Start of Block

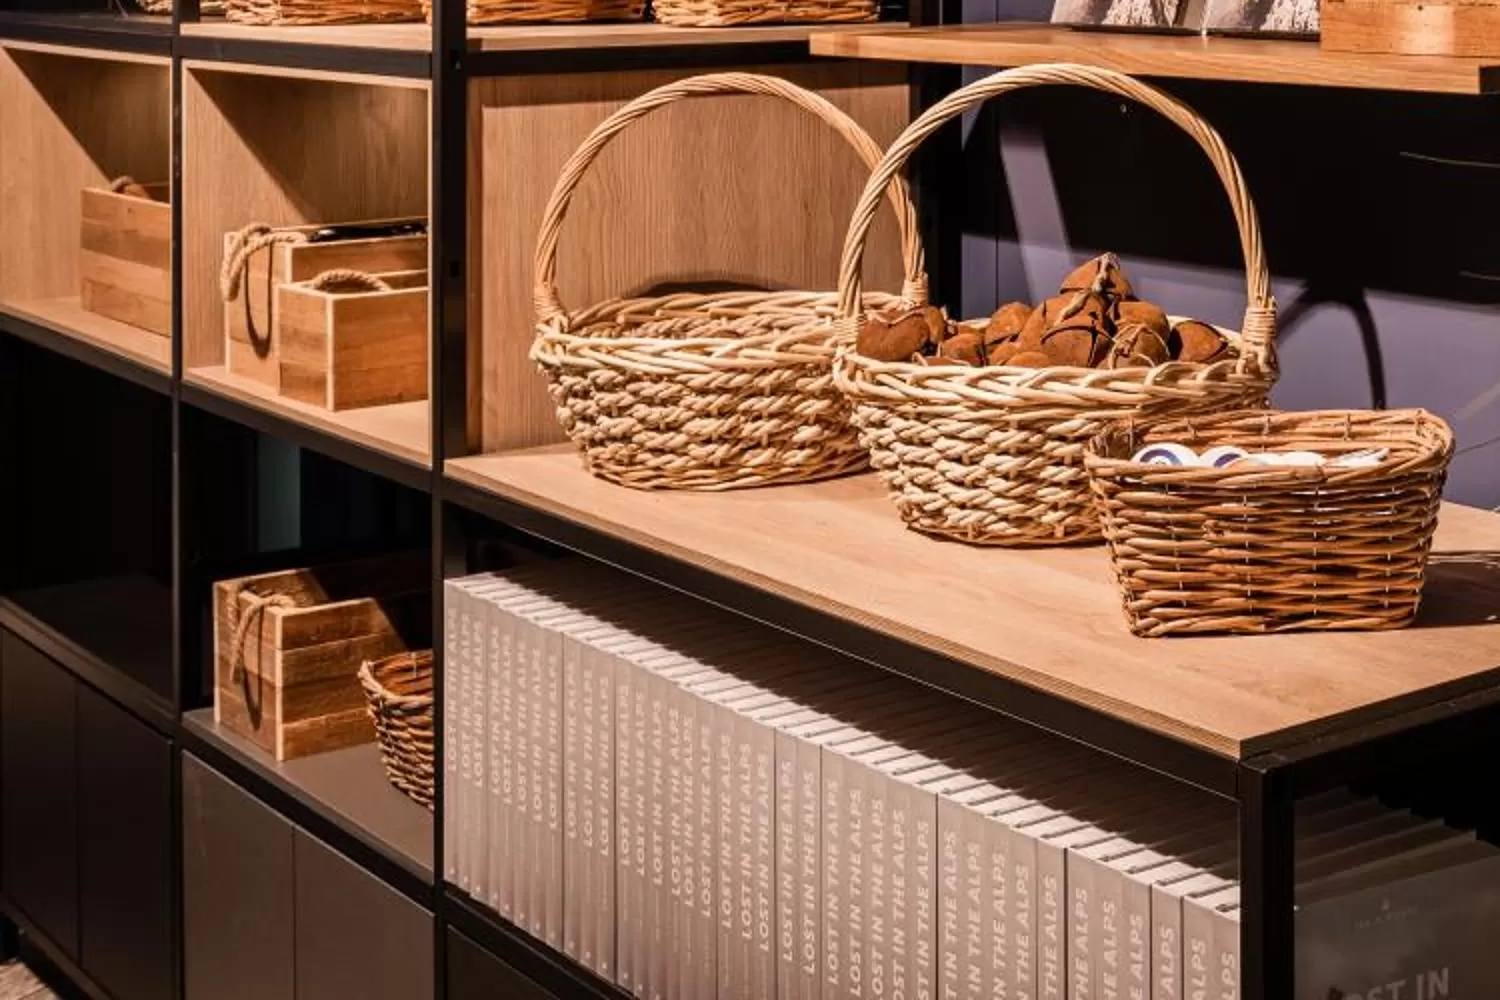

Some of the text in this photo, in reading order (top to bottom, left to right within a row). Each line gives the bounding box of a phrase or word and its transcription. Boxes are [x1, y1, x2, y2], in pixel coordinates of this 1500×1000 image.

[721, 733, 731, 789] ALPS
[701, 724, 711, 916] LOST IN THE ALPS
[721, 791, 731, 835] THE
[740, 742, 752, 939] LOST IN THE ALPS
[721, 840, 731, 866] IN
[758, 752, 769, 951] LOST IN THE ALPS
[782, 759, 793, 962] LOST IN THE ALPS
[803, 768, 815, 974] LOST IN THE ALPS
[827, 778, 838, 984] LOST IN THE ALPS
[944, 831, 957, 891] ALPS
[993, 850, 1007, 916] ALPS
[721, 870, 731, 928] LOST
[850, 788, 861, 997] LOST IN THE ALPS
[872, 798, 883, 1000] OST IN THE ALPS
[893, 808, 904, 1000] OST IN THE ALPS
[918, 818, 928, 1000] ST IN THE ALPS
[945, 896, 957, 944] THE
[968, 843, 981, 993] IN THE ALPS
[1016, 864, 1029, 928] ALPS
[1075, 887, 1089, 954] ALPS
[945, 952, 957, 980] IN
[993, 919, 1006, 969] THE
[1016, 933, 1029, 983] THE
[1044, 876, 1057, 996] THE ALPS
[1103, 900, 1117, 968] ALPS
[1129, 914, 1143, 981] ALPS
[1160, 925, 1175, 996] ALPS
[1221, 952, 1236, 1000] LPS
[1416, 967, 1449, 1000] IN
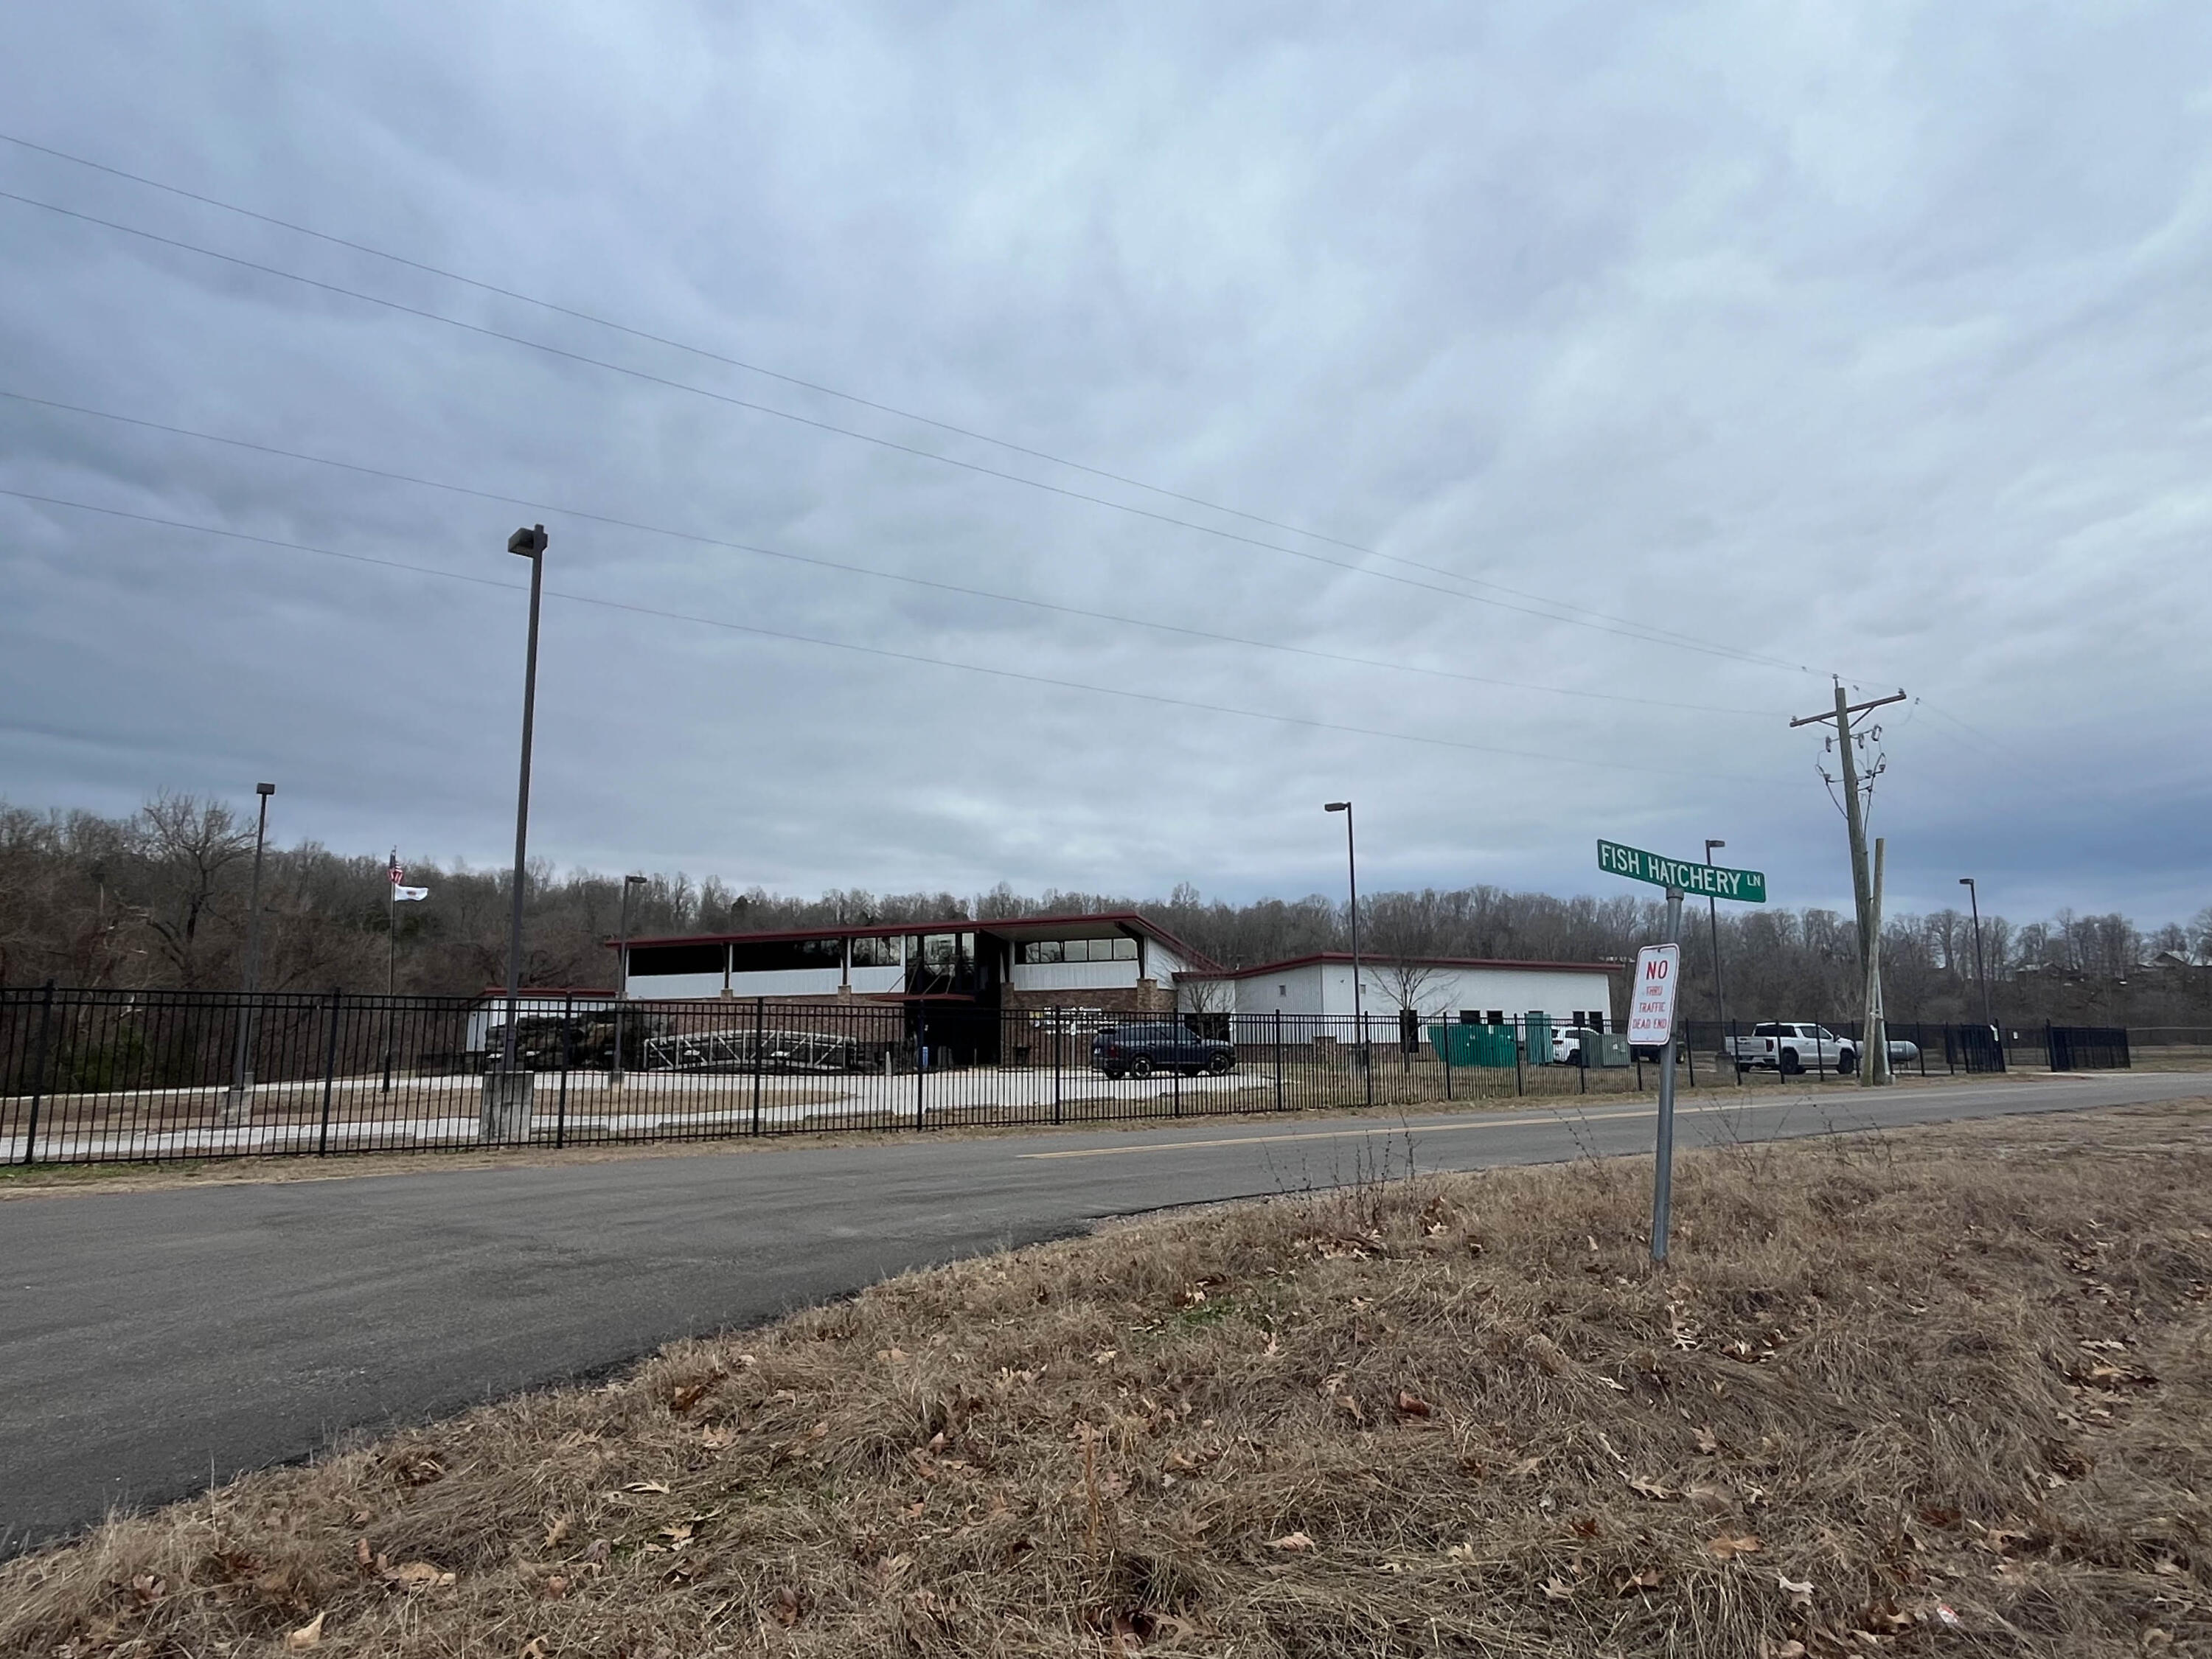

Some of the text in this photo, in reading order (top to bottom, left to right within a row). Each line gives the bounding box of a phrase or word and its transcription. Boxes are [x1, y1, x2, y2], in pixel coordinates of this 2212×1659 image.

[1601, 844, 1761, 895] FISH HATCHERY LN
[1646, 960, 1668, 980] NO
[1646, 985, 1663, 995] THRU
[1639, 1001, 1666, 1013] TRAFFIC
[1632, 1018, 1667, 1029] DEAD END
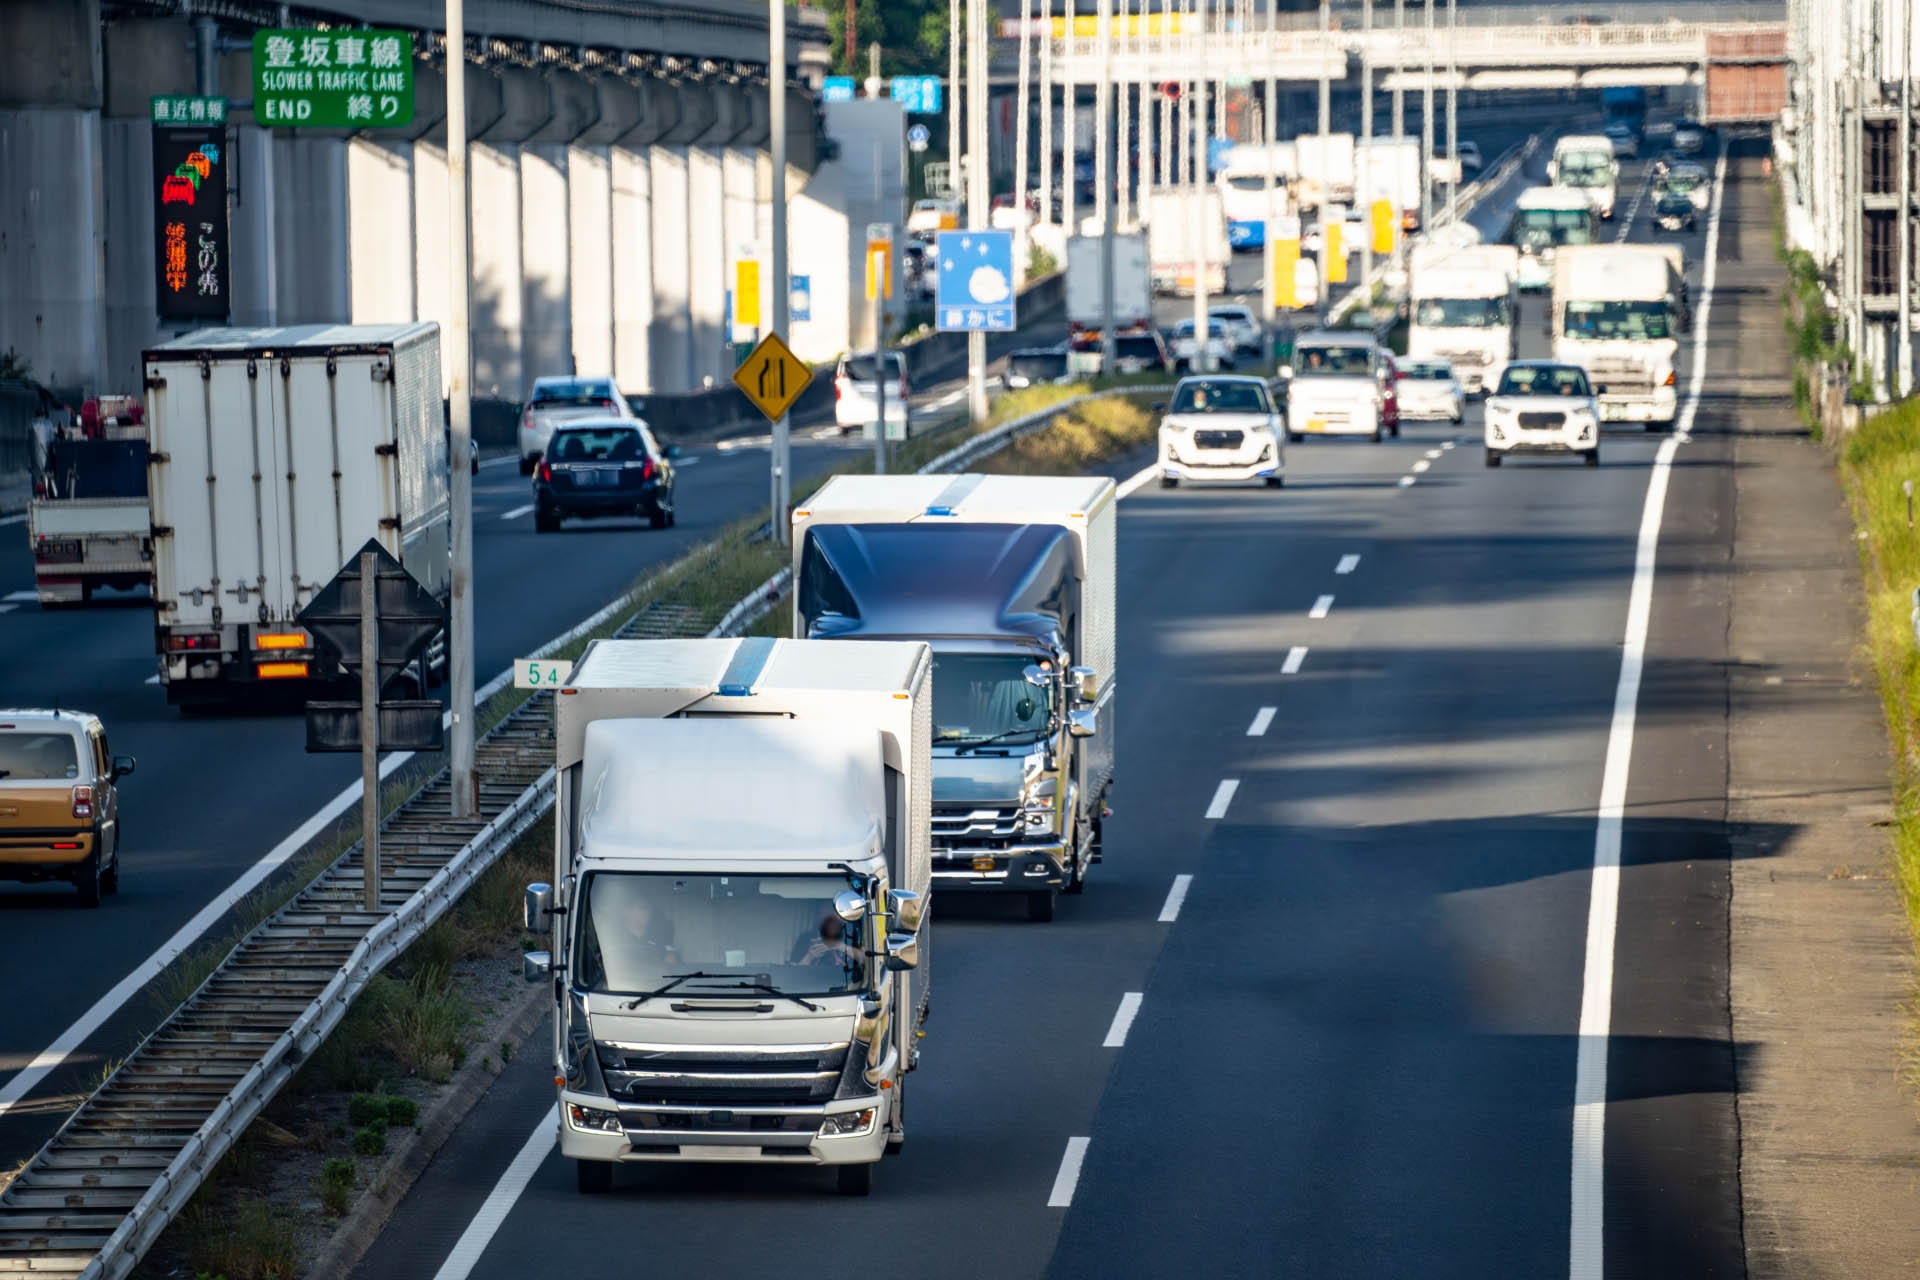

End of Block

DIRECTIONS FOR THIS TASK: For each entry above, write it out again exactly but leave out any picture.

COMPLETED EXERCISE:
Some of the text in this photo, in reading order (top to bottom, left to right within a row). Each line gives the bounding box of a phrase or word and its transcription. Boxes are [x1, y1, x2, y2], in pixel coordinates of this 1500×1000 image.

[721, 733, 731, 789] ALPS
[701, 724, 711, 916] LOST IN THE ALPS
[721, 791, 731, 835] THE
[740, 742, 752, 939] LOST IN THE ALPS
[721, 840, 731, 866] IN
[758, 752, 769, 951] LOST IN THE ALPS
[782, 759, 793, 962] LOST IN THE ALPS
[803, 768, 815, 974] LOST IN THE ALPS
[827, 778, 838, 984] LOST IN THE ALPS
[944, 831, 957, 891] ALPS
[993, 850, 1007, 916] ALPS
[721, 870, 731, 928] LOST
[850, 788, 861, 997] LOST IN THE ALPS
[872, 798, 883, 1000] OST IN THE ALPS
[893, 808, 904, 1000] OST IN THE ALPS
[918, 818, 928, 1000] ST IN THE ALPS
[945, 896, 957, 944] THE
[968, 843, 981, 993] IN THE ALPS
[1016, 864, 1029, 928] ALPS
[1075, 887, 1089, 954] ALPS
[945, 952, 957, 980] IN
[993, 919, 1006, 969] THE
[1016, 933, 1029, 983] THE
[1044, 876, 1057, 996] THE ALPS
[1103, 900, 1117, 968] ALPS
[1129, 914, 1143, 981] ALPS
[1160, 925, 1175, 996] ALPS
[1221, 952, 1236, 1000] LPS
[1416, 967, 1449, 1000] IN

Some of the text in this photo, in reading order (top to bottom, left to right within a row). Each line gives the bounding box of a phrase or word and its transcription. Boxes are [x1, y1, x2, y2], in pixel coordinates of this 2212×1659 image.

[1601, 844, 1761, 895] FISH HATCHERY LN
[1646, 960, 1668, 980] NO
[1646, 985, 1663, 995] THRU
[1639, 1001, 1666, 1013] TRAFFIC
[1632, 1018, 1667, 1029] DEAD END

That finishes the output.